--- RECORDS FOR PROCESSING Enclosed Below ---
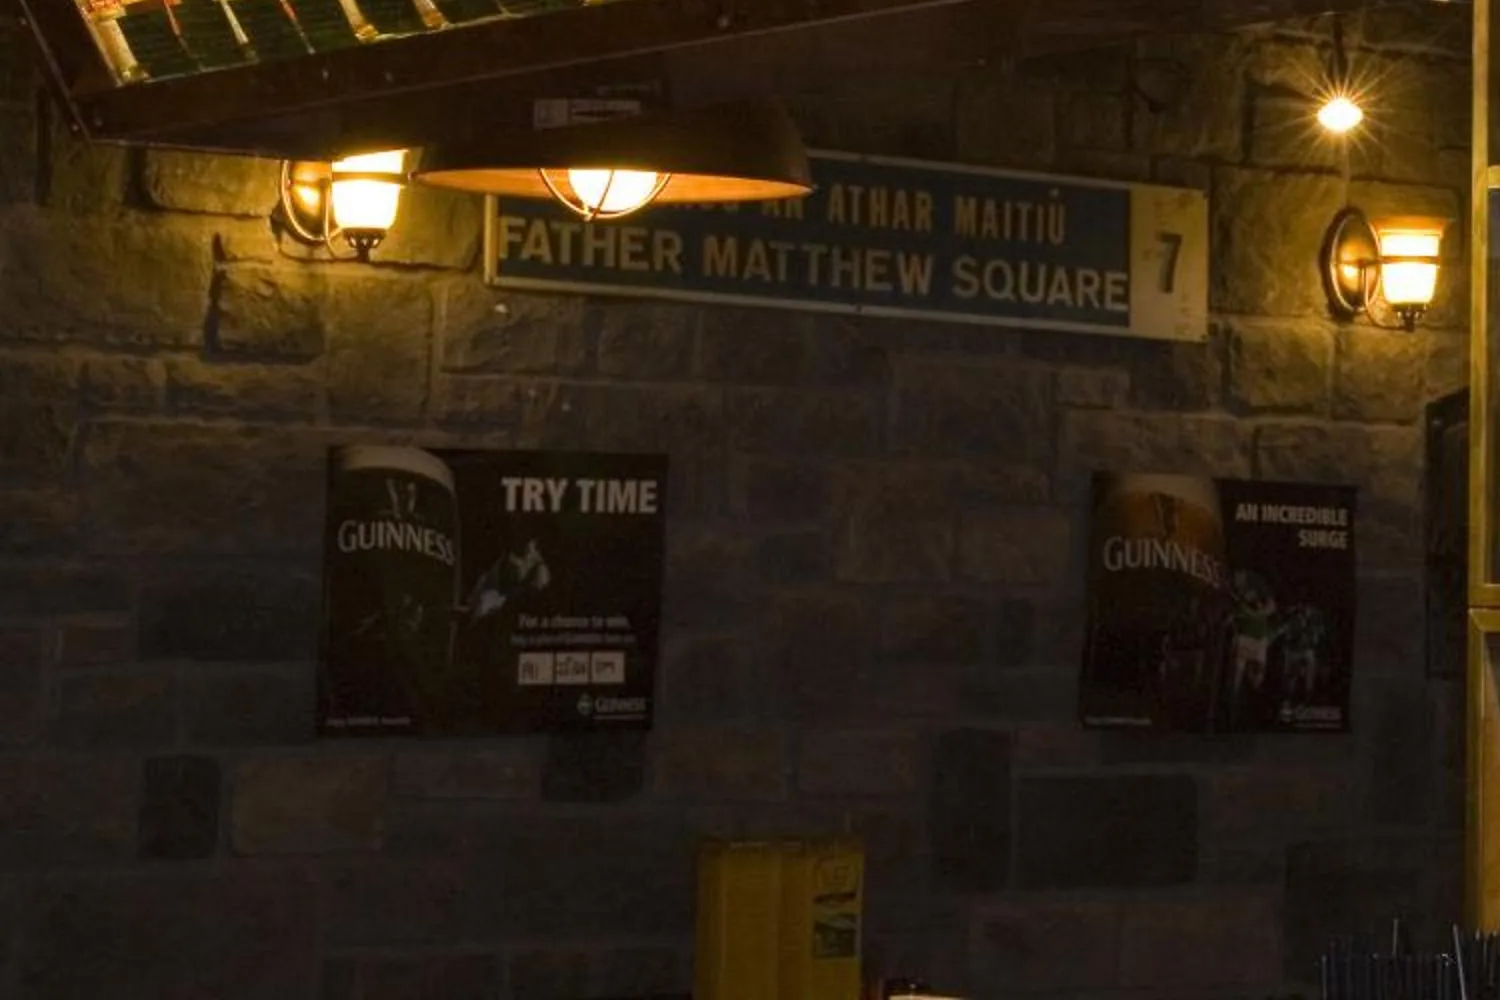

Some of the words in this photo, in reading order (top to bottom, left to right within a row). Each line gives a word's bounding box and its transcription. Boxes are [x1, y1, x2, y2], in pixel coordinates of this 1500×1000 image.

[828, 182, 934, 234] ATHAR
[954, 186, 1067, 246] MAITIÚ
[499, 214, 684, 275] FATHER
[704, 234, 934, 297] MATTHEW
[951, 253, 1130, 313] SQUARE
[1156, 231, 1183, 294] 7
[501, 476, 568, 513] TRY
[575, 479, 658, 515] TIME
[1235, 503, 1258, 522] AN
[1261, 504, 1350, 527] INCREDIBLE
[337, 518, 456, 567] GUINNESS
[1297, 527, 1349, 550] SURGE
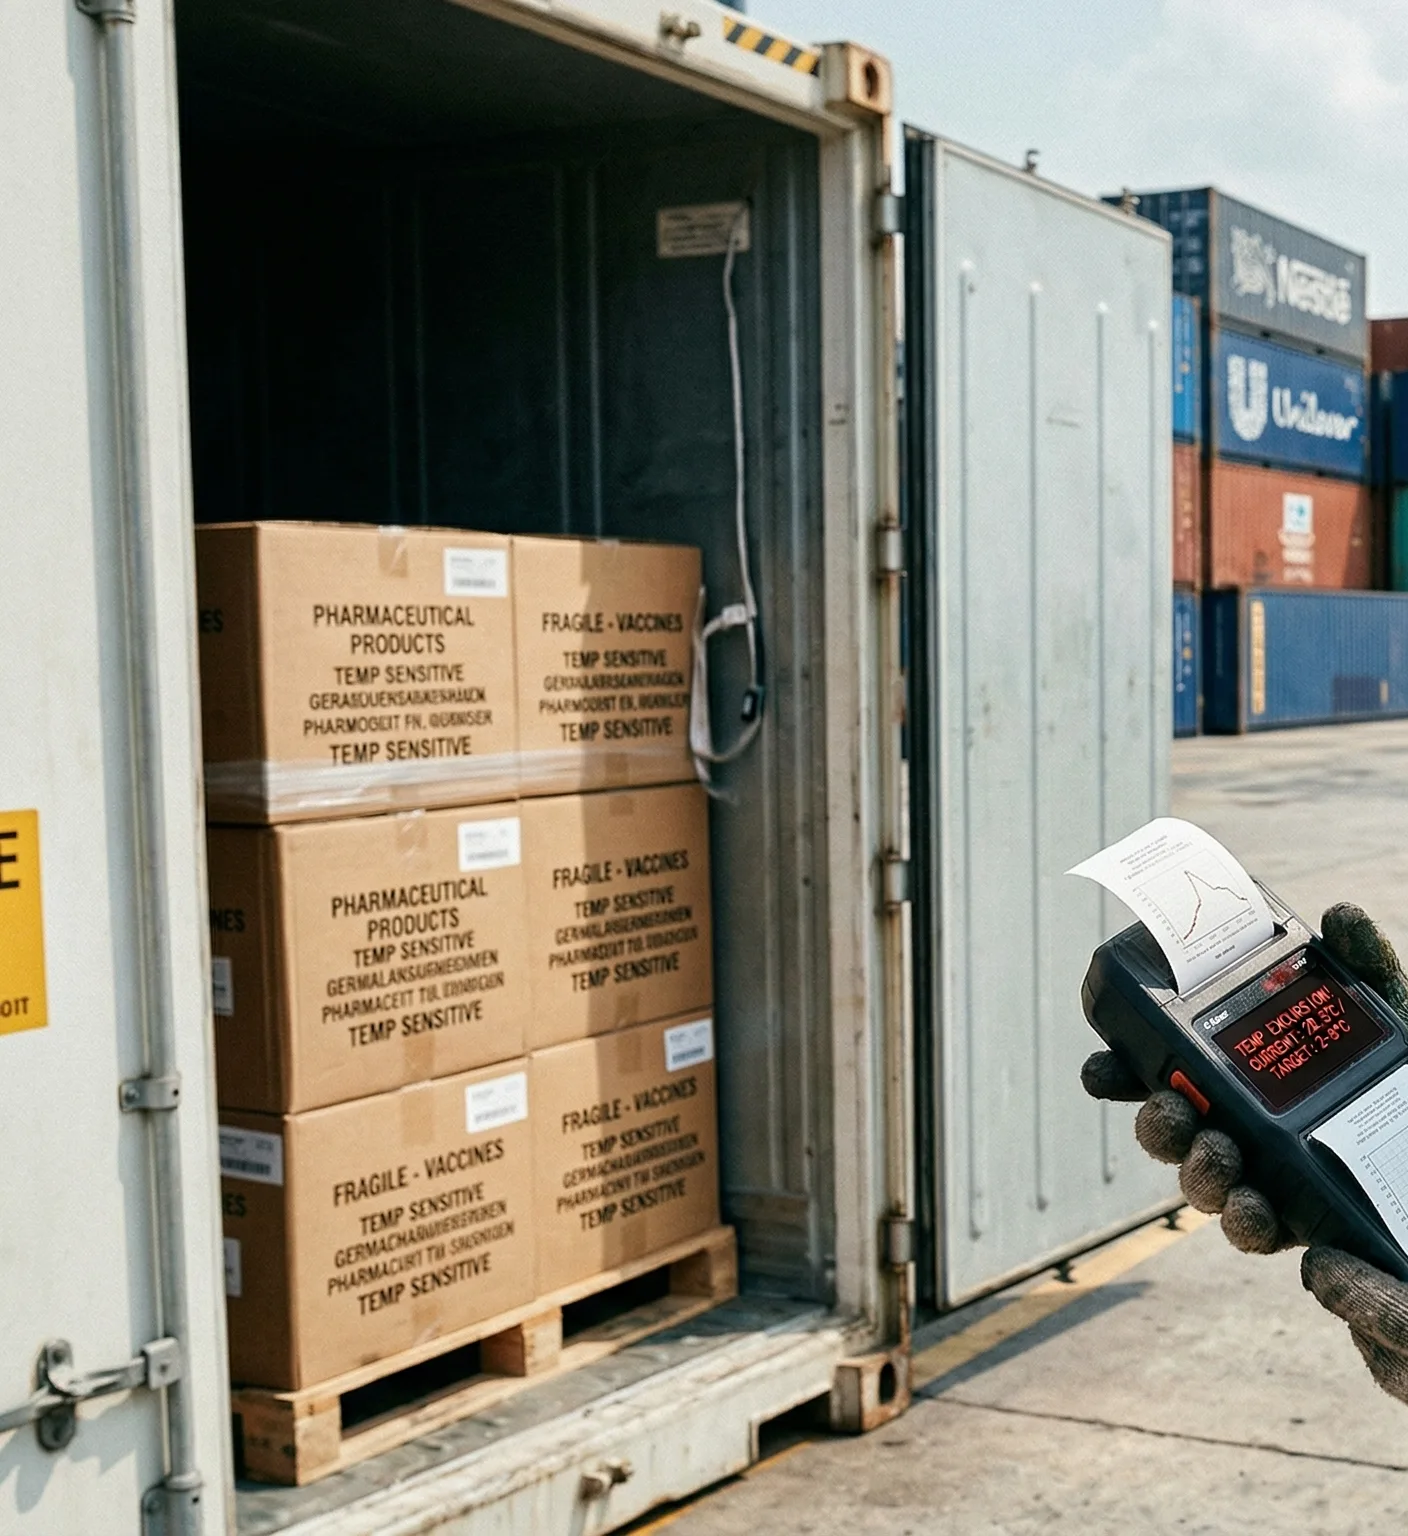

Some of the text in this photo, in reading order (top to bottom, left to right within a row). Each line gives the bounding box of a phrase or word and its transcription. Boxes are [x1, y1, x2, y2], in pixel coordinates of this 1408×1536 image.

[313, 604, 475, 627] PHARMACEUTICAL
[542, 612, 604, 633] FRAGILE
[616, 611, 684, 633] VACCINES
[351, 634, 446, 655] PRODUCTS
[563, 649, 667, 668] TEMP SENSITIVE
[334, 663, 464, 685] TEMP SENSITIVE
[559, 716, 673, 742] TEMP SENSITIVE
[329, 735, 472, 767] TEMP SENSITIVE
[552, 860, 613, 890] FRAGILE
[624, 848, 690, 879] VACCINES
[331, 876, 488, 918] PHARMACEUTICAL
[574, 885, 675, 918] TEMP SENSITIVE
[367, 906, 460, 941] PRODUCTS
[353, 930, 475, 969] TEMP SENSITIVE
[571, 951, 680, 992] TEMP SENSITIVE
[348, 999, 483, 1047] TEMP SENSITIVE
[1234, 1030, 1264, 1057] TEMP
[1269, 1019, 1351, 1080] TARGET: 2-8°C
[562, 1098, 622, 1134] FRAGILE
[633, 1075, 699, 1113] VACCINES
[580, 1135, 618, 1161] TEMP
[620, 1114, 681, 1149] SENSITIVE
[332, 1165, 409, 1208] FRAGILE
[424, 1138, 505, 1180] VACCINES
[359, 1207, 404, 1236] TEMP
[409, 1181, 486, 1221] SENSITIVE
[579, 1202, 618, 1232] TEMP
[620, 1177, 686, 1218] SENSITIVE
[357, 1252, 492, 1316] TEMP SENSITIVE
--- End of Enclosed RECORDS FOR PROCESSING ---
#### TASK TO COMPLETE:
Give back the material above word for word; no picture belongs in it.

#### WRITTEN SOLUTION:
Some of the words in this photo, in reading order (top to bottom, left to right within a row). Each line gives a word's bounding box and its transcription. Boxes are [x1, y1, x2, y2], in pixel coordinates of this 1500×1000 image.

[828, 182, 934, 234] ATHAR
[954, 186, 1067, 246] MAITIÚ
[499, 214, 684, 275] FATHER
[704, 234, 934, 297] MATTHEW
[951, 253, 1130, 313] SQUARE
[1156, 231, 1183, 294] 7
[501, 476, 568, 513] TRY
[575, 479, 658, 515] TIME
[1235, 503, 1258, 522] AN
[1261, 504, 1350, 527] INCREDIBLE
[337, 518, 456, 567] GUINNESS
[1297, 527, 1349, 550] SURGE

Some of the text in this photo, in reading order (top to bottom, left to right within a row). Each line gives the bounding box of a phrase or word and its transcription. Boxes are [x1, y1, x2, y2], in pixel coordinates of this 1408×1536 image.

[313, 604, 475, 627] PHARMACEUTICAL
[542, 612, 604, 633] FRAGILE
[616, 611, 684, 633] VACCINES
[351, 634, 446, 655] PRODUCTS
[563, 649, 667, 668] TEMP SENSITIVE
[334, 663, 464, 685] TEMP SENSITIVE
[559, 716, 673, 742] TEMP SENSITIVE
[329, 735, 472, 767] TEMP SENSITIVE
[552, 860, 613, 890] FRAGILE
[624, 848, 690, 879] VACCINES
[331, 876, 488, 918] PHARMACEUTICAL
[574, 885, 675, 918] TEMP SENSITIVE
[367, 906, 460, 941] PRODUCTS
[353, 930, 475, 969] TEMP SENSITIVE
[571, 951, 680, 992] TEMP SENSITIVE
[348, 999, 483, 1047] TEMP SENSITIVE
[1234, 1030, 1264, 1057] TEMP
[1269, 1019, 1351, 1080] TARGET: 2-8°C
[562, 1098, 622, 1134] FRAGILE
[633, 1075, 699, 1113] VACCINES
[580, 1135, 618, 1161] TEMP
[620, 1114, 681, 1149] SENSITIVE
[332, 1165, 409, 1208] FRAGILE
[424, 1138, 505, 1180] VACCINES
[359, 1207, 404, 1236] TEMP
[409, 1181, 486, 1221] SENSITIVE
[579, 1202, 618, 1232] TEMP
[620, 1177, 686, 1218] SENSITIVE
[357, 1252, 492, 1316] TEMP SENSITIVE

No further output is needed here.